Timothy Olanrewaju, Maiduguri
Before the Boko Haram insurgency hit the northeast states of Nigeria, life was normal for the millions of Nigerians now living in camps. But they were forced to flee their homes leaving the dead behind and taking refuge in unsure clusters of tents. But then, the insurgents would not let them be.
Land mines and explosives buried by the insurgents in the ground in vast swaths of the territory once controlled by them are yet to be located, exhumed and deactivated.
Today, the presence of the explosive ordinances make accessibility to camps in such areas difficult and risky for humanitarian workers or even military personnel. Indeed, internally displaced persons (IDPs) in those camps are the hard-to-reach people.
Some of the settlements now harbouring the victims are ‘domiciled’ in difficult terrains with little
or no access to water and medical facilities. Previously existing makeshift healthcare centres in the
refuge areas had been torched by the insurgents, leaving the people vulnerable to disease outbreaks.
One of these vulnerable persons is Saratu Mohammed, whose greatest nightmare is how to save
her one-month-old baby boy.

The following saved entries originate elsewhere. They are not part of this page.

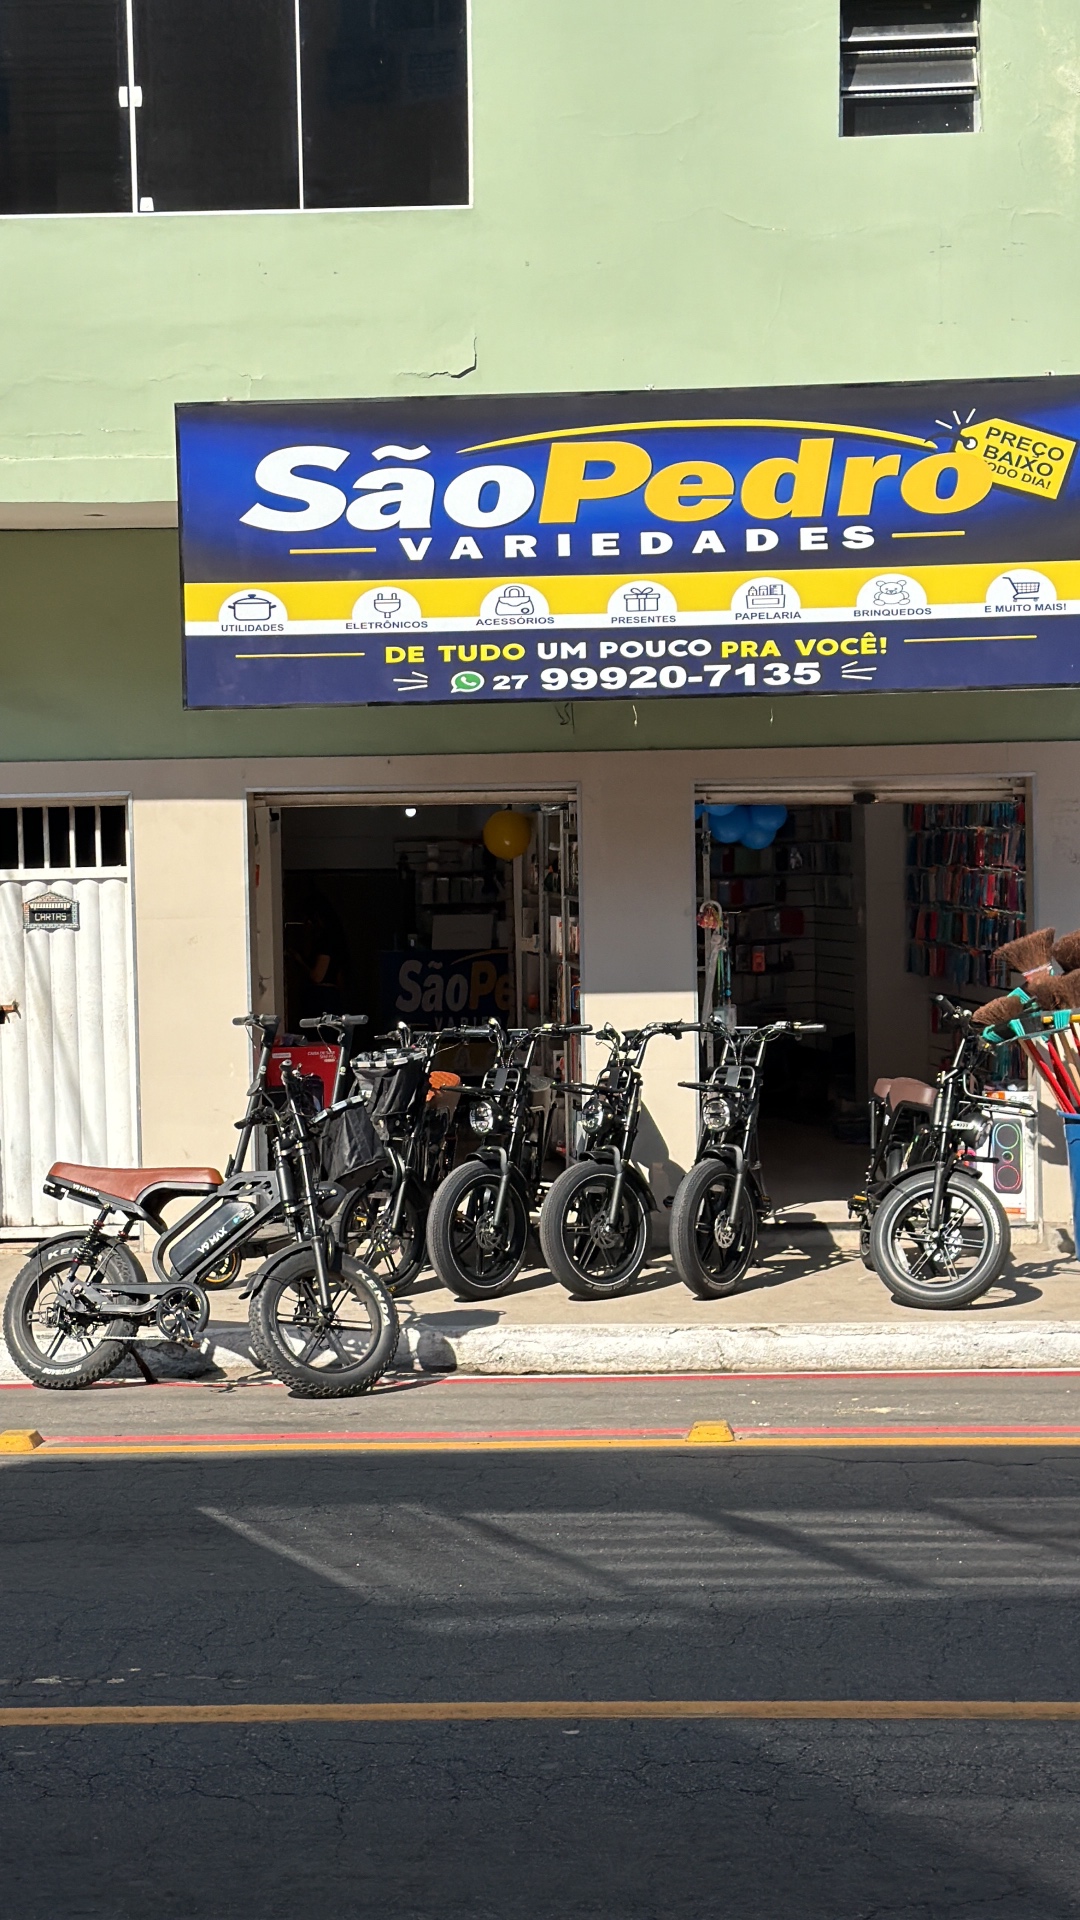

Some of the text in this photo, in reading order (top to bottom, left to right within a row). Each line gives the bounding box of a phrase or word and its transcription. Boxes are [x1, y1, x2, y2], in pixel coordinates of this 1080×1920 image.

[985, 426, 1065, 461] PREÇO
[983, 445, 1054, 476] BAIXO
[984, 460, 1052, 490] ODO DIA!
[398, 525, 876, 561] VARIEDADES
[853, 607, 932, 618] BRINQUEDOS
[984, 603, 1067, 613] E MUITO MAIS!
[475, 615, 555, 626] ACESSÓRIOS
[610, 615, 677, 625] PRESENTES
[735, 611, 802, 620] PAPELARIA
[220, 623, 285, 632] UTILIDADES
[345, 619, 429, 630] ELETRÔNICOS
[385, 631, 887, 664] DE TUDO UM POUCO PRA VOCÊ!
[492, 661, 821, 691] 27 99920-7135
[34, 912, 67, 922] CARTAS
[47, 1247, 82, 1260] KEN
[355, 1269, 391, 1327] KENDA
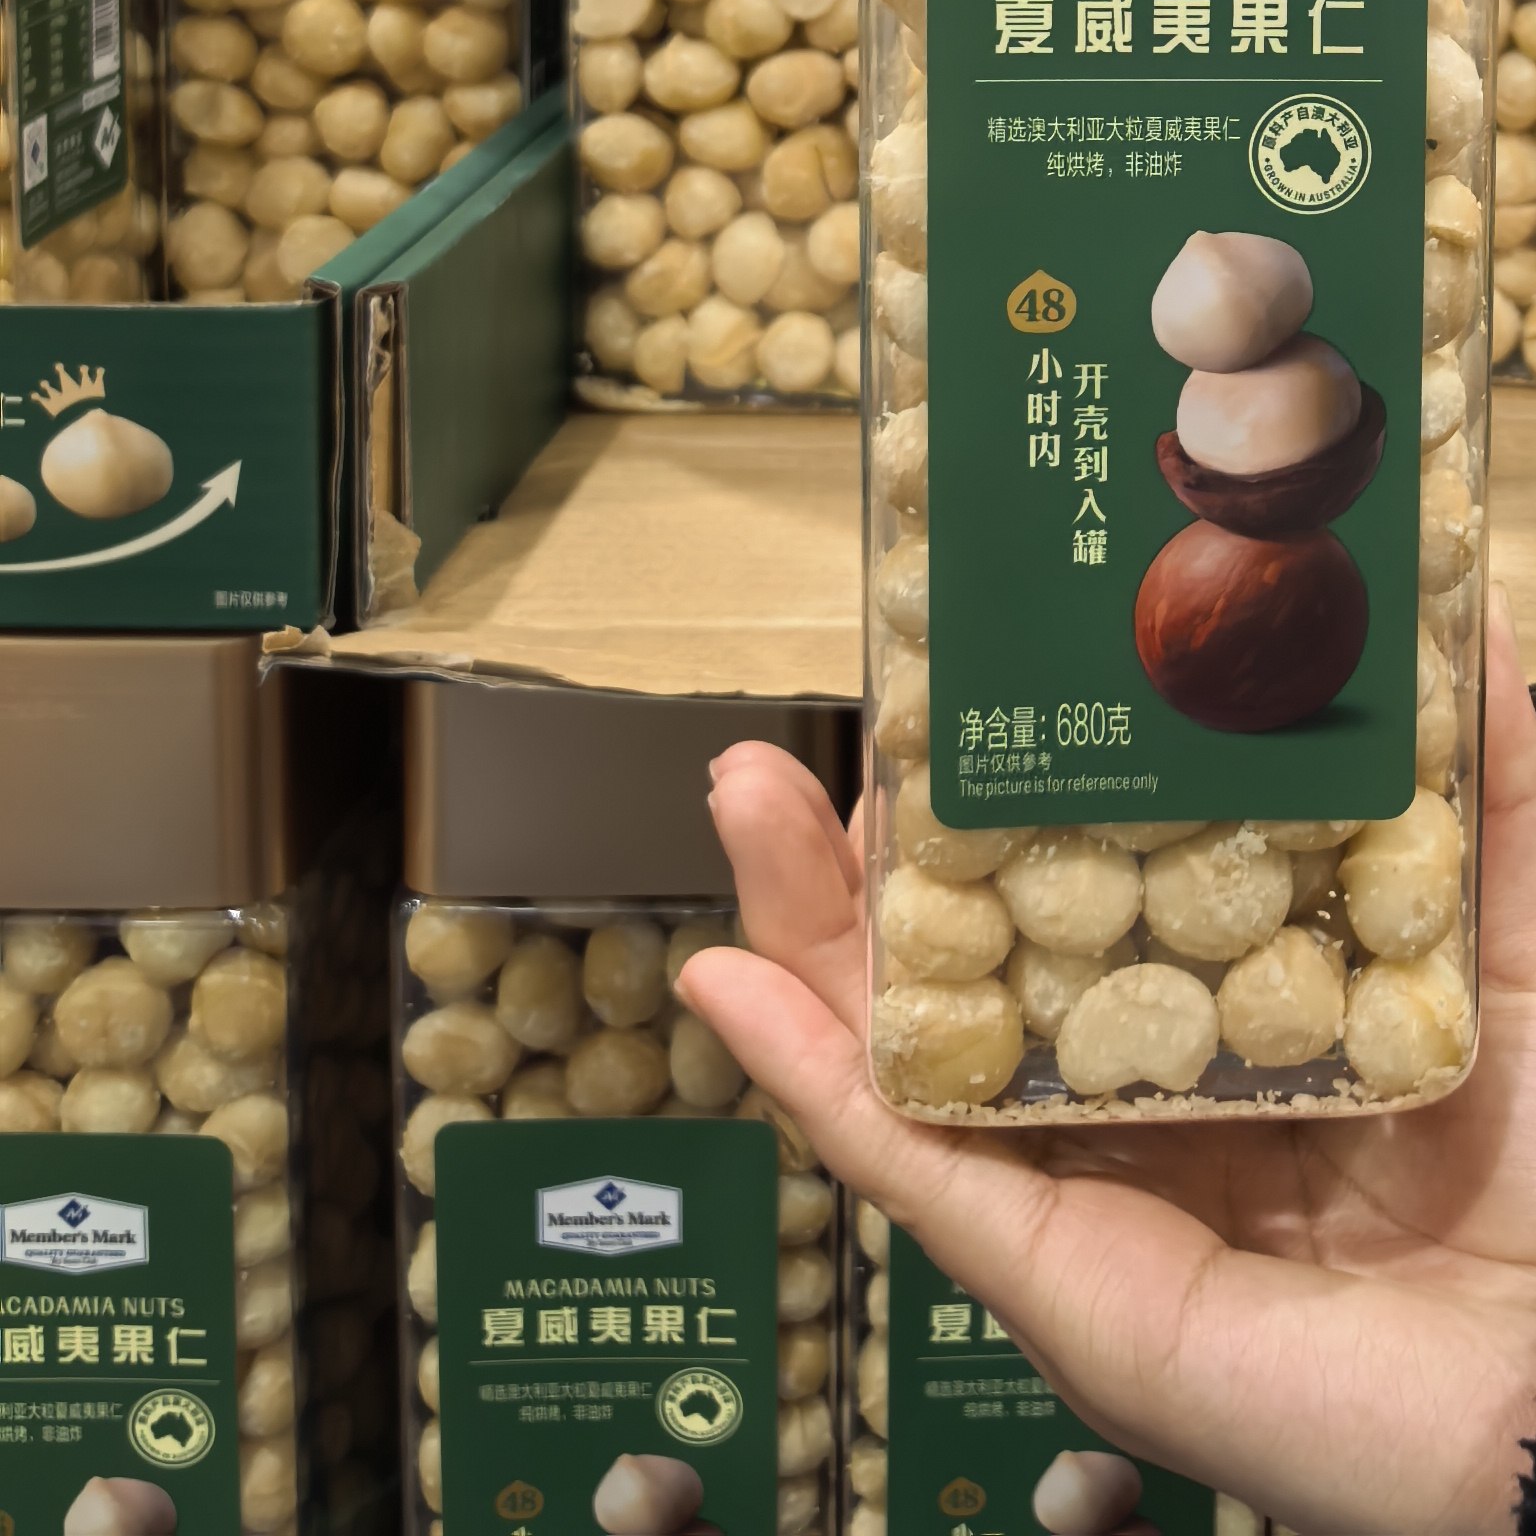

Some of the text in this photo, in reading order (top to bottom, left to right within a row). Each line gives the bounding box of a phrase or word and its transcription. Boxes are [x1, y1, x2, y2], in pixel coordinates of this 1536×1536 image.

[986, 116, 1241, 143] 精选澳大利亚大粒夏威夷果仁
[1046, 151, 1183, 178] 纯烘烤，非油炸
[1263, 163, 1359, 203] GROWN IN AUSTRALIA
[1014, 288, 1067, 323] 48
[1025, 347, 1063, 468] 小时内
[1072, 362, 1109, 566] 开壳到入罐
[959, 772, 1159, 801] The picture is for reference only
[547, 1211, 672, 1228] Member's Mark
[10, 1228, 137, 1244] Member's Mark
[504, 1278, 716, 1299] MACADAMIA NUTS
[0, 1295, 186, 1317] CADAMIA NUTS
[481, 1305, 738, 1347] 夏威夷果仁
[0, 1324, 208, 1366] 威夷果仁
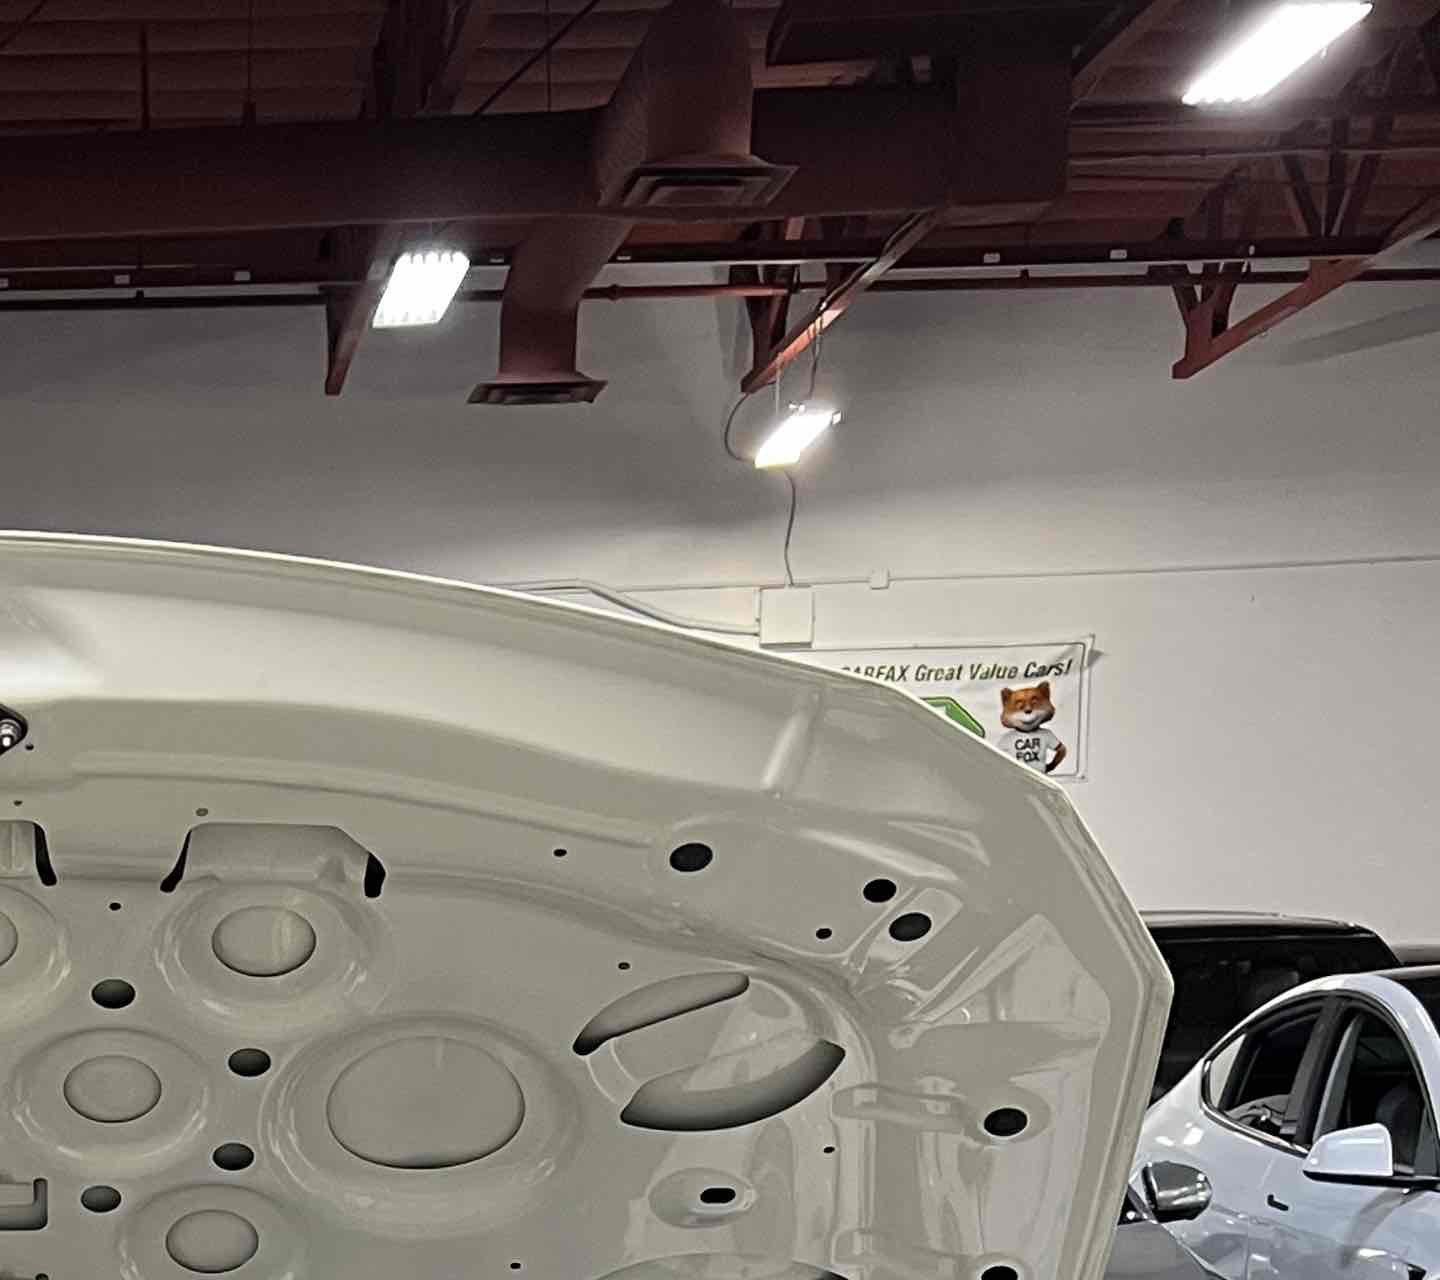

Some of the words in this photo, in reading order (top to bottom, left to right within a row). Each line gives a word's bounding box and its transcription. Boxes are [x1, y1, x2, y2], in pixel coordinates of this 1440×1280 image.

[841, 664, 910, 682] RFAX
[914, 663, 963, 682] Great
[968, 662, 1019, 681] Value
[1023, 657, 1073, 679] Cars!
[1014, 737, 1041, 750] CAR
[1015, 750, 1041, 762] FOX
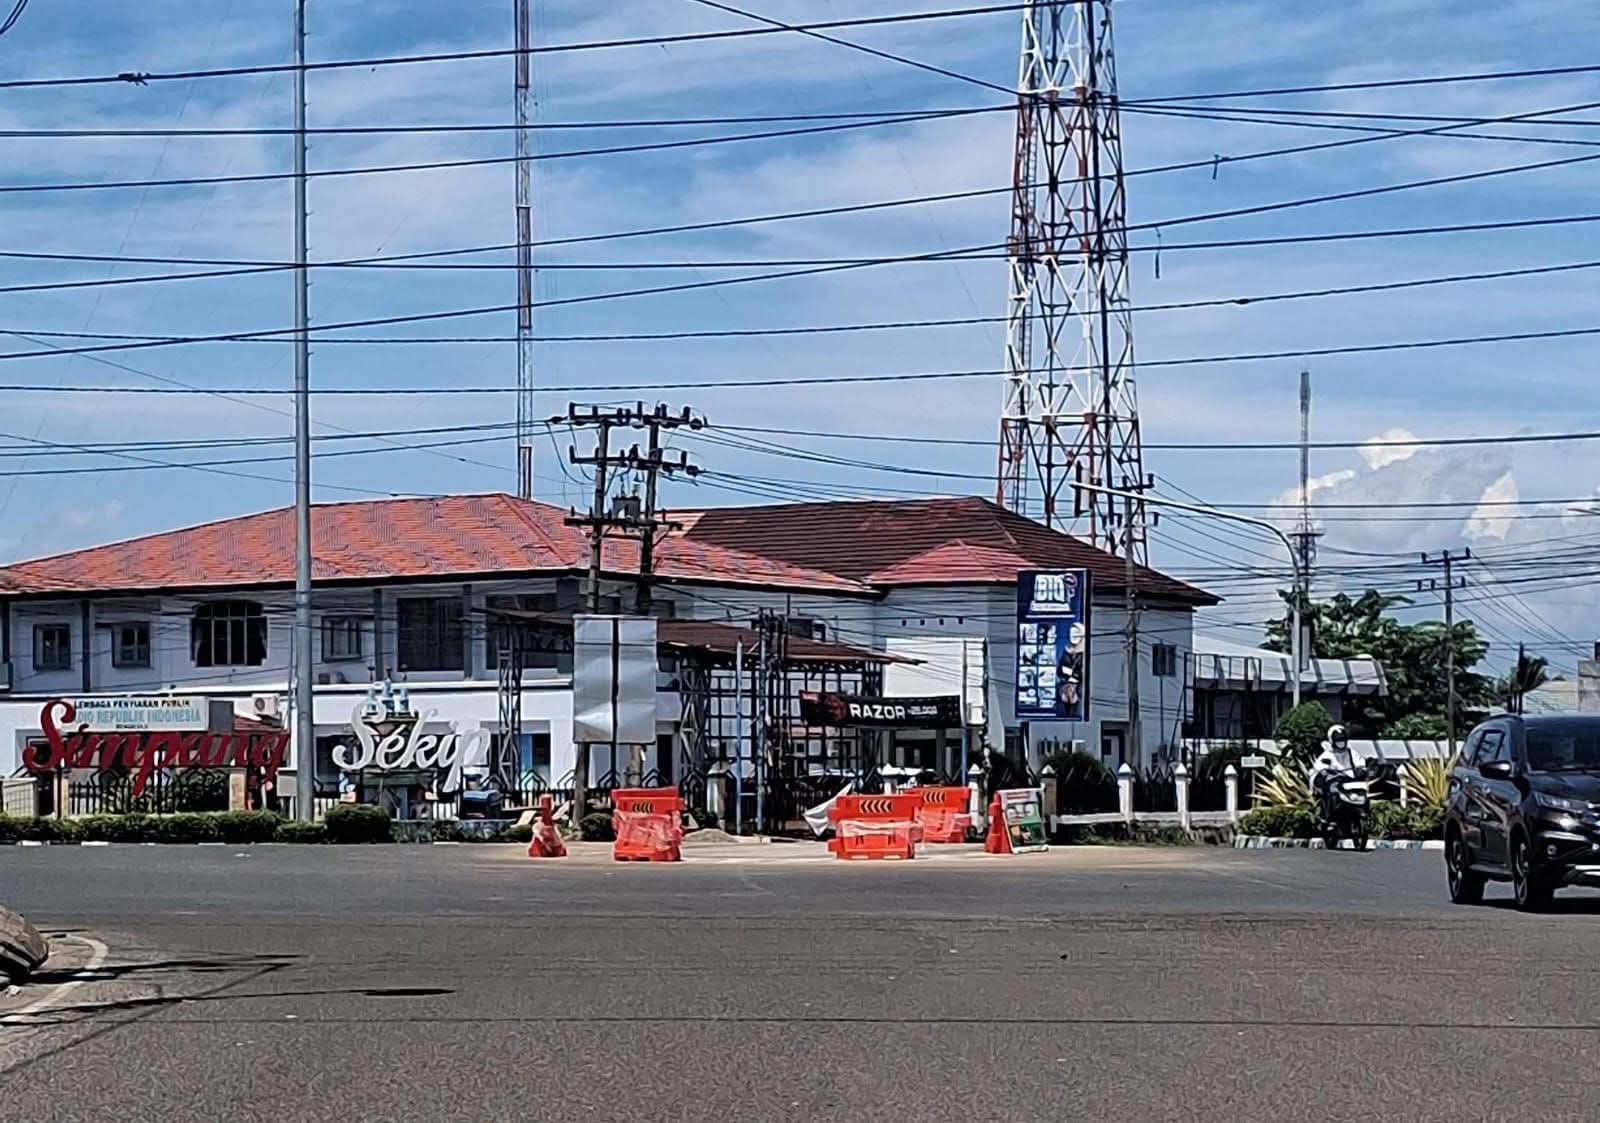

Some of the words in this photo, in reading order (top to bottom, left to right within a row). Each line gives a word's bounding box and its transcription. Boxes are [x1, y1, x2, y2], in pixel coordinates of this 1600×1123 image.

She had lost the first child a year earlier at Barkam, a remote village in
Bayo Local Government Area in the southern part of Borno State.
At first, she appeared unwilling to discuss her past but she said the presence of health workers encouraged her to speak out.
“Three days after I was delivered at home in this village, a year ago, I lost our first baby,” she began her story in a rather pensive mood. There was a big silence around the small home that housed
the family of three. “My husband and I were very curious about my pregnancy because of my previous experience,” she added.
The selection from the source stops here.